- Born: 1944 Thionville, Gau Westmark, German-occupied France, Germany
- Died: 8 February 2022 (aged 78) Salernes, France
- Education: University of Strasbourg I
- Occupations: Surgeon Professor

= Jean-Henri Jaeger =

French surgeon and academic (1944–2022)

Jean-Henri Jaeger (1944 – 8 February 2022) was a French surgeon and academic. He was well known for developing a surgical technique to repair the anterior cruciate ligament (ACL), using the fascia lata as a form of transplant.

==Biography==
Jaeger was born in Thionville to an engineer father who worked for the SNCF. He became devoted to working in surgery after a near-death experience from a kick to the stomach during a football match at the age of six. He studied at the University of Strasbourg I, where he met his lifelong friend Arsène Wenger.

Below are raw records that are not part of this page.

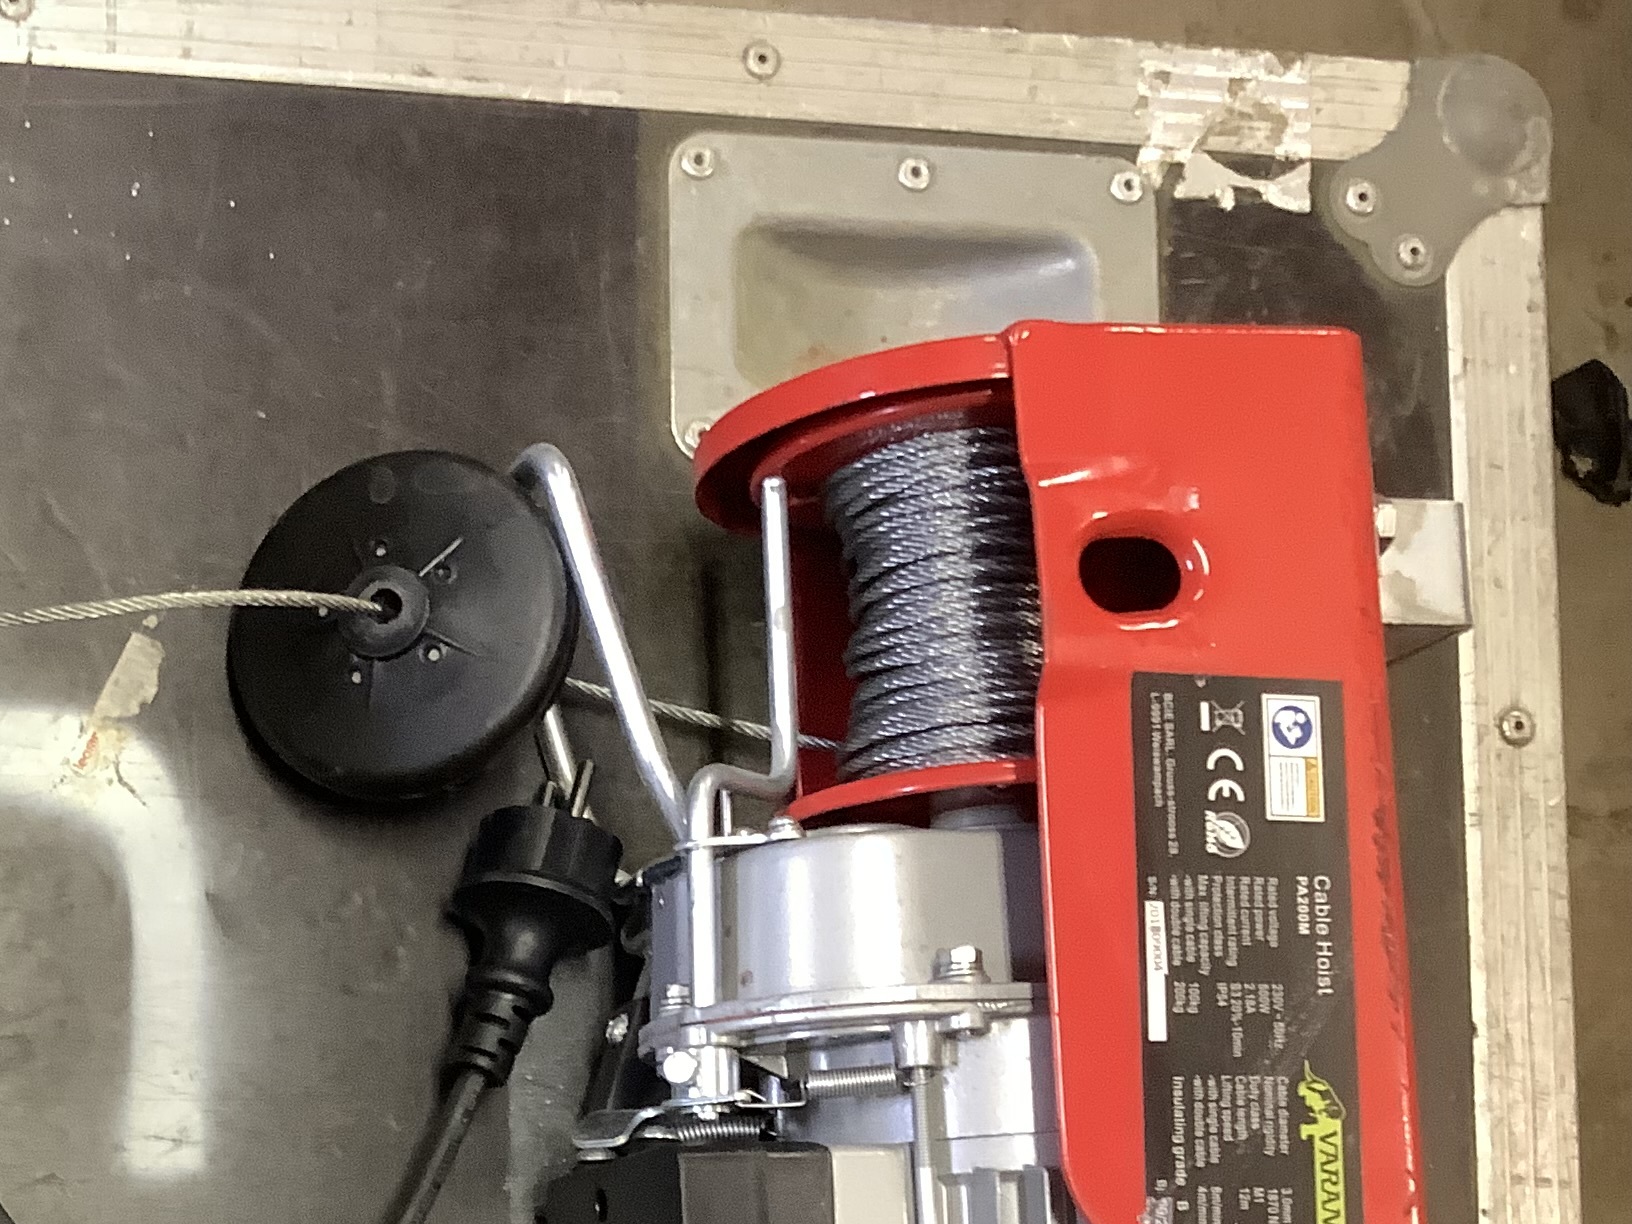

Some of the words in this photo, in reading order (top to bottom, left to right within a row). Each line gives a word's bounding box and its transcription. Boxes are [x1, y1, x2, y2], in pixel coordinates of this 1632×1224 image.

[1206, 748, 1245, 802] CE
[1211, 876, 1222, 927] Protection
[1226, 876, 1237, 934] Intermittent
[1240, 877, 1251, 907] Rated
[1253, 877, 1264, 907] Rated
[1267, 878, 1278, 908] Rated
[1296, 876, 1309, 934] PA200M
[1314, 876, 1332, 935] Cable
[1170, 901, 1181, 936] double
[1183, 902, 1195, 932] single
[1240, 909, 1251, 945] current
[1252, 909, 1264, 941] power
[1266, 910, 1278, 948] voltage
[1172, 938, 1182, 966] cable
[1186, 934, 1196, 962] cable
[1198, 933, 1211, 975] capacity
[1213, 930, 1223, 957] class
[1225, 936, 1237, 966] rating
[1316, 941, 1334, 995] Hoist
[1172, 981, 1186, 1013] 200kg
[1187, 983, 1200, 1013] 100kg
[1271, 984, 1284, 1011] 230V
[1220, 1075, 1232, 1107] Lifting
[1235, 1076, 1246, 1106] Cable
[1248, 1076, 1261, 1100] Duty
[1263, 1077, 1274, 1119] Nominal
[1277, 1077, 1289, 1106] Cable
[1172, 1077, 1187, 1143] Insulating
[1194, 1102, 1205, 1137] double
[1206, 1102, 1218, 1133] single
[1221, 1110, 1234, 1141] speed
[1235, 1108, 1248, 1140] length
[1250, 1102, 1261, 1129] class
[1263, 1121, 1275, 1156] rigidity
[1278, 1109, 1290, 1154] diameter
[1195, 1139, 1206, 1167] cable
[1209, 1135, 1220, 1163] cable
[1172, 1146, 1188, 1186] grade
[1176, 1201, 1189, 1211] B
[1238, 1188, 1249, 1210] 12m
[1253, 1188, 1264, 1202] M1
[1267, 1189, 1278, 1213] 1870

In 1978, while working for a clinic, he was called to be team surgeon for RC Strasbourg Alsace. He notably operated on Marius Trésor in 1981, who then competed in the 1982 FIFA World Cup. Other players he operated on included Christophe Royer, Raymond Kopa, Zinedine Zidane, Dragan Stojković, Bixente Lizarazu, and others. He was also a professor at the University of Strasbourg I.

Jaeger died in Salernes on 8 February 2022, at the age of 78.

==Works==
- Ligamentoplastie du LCA Mac Intosh FL versus KJ et DIDT, réparation cartilagineuse (2002)
- Chirurgie du ligament croisé antérieur du genou la lésion du LCA (2017)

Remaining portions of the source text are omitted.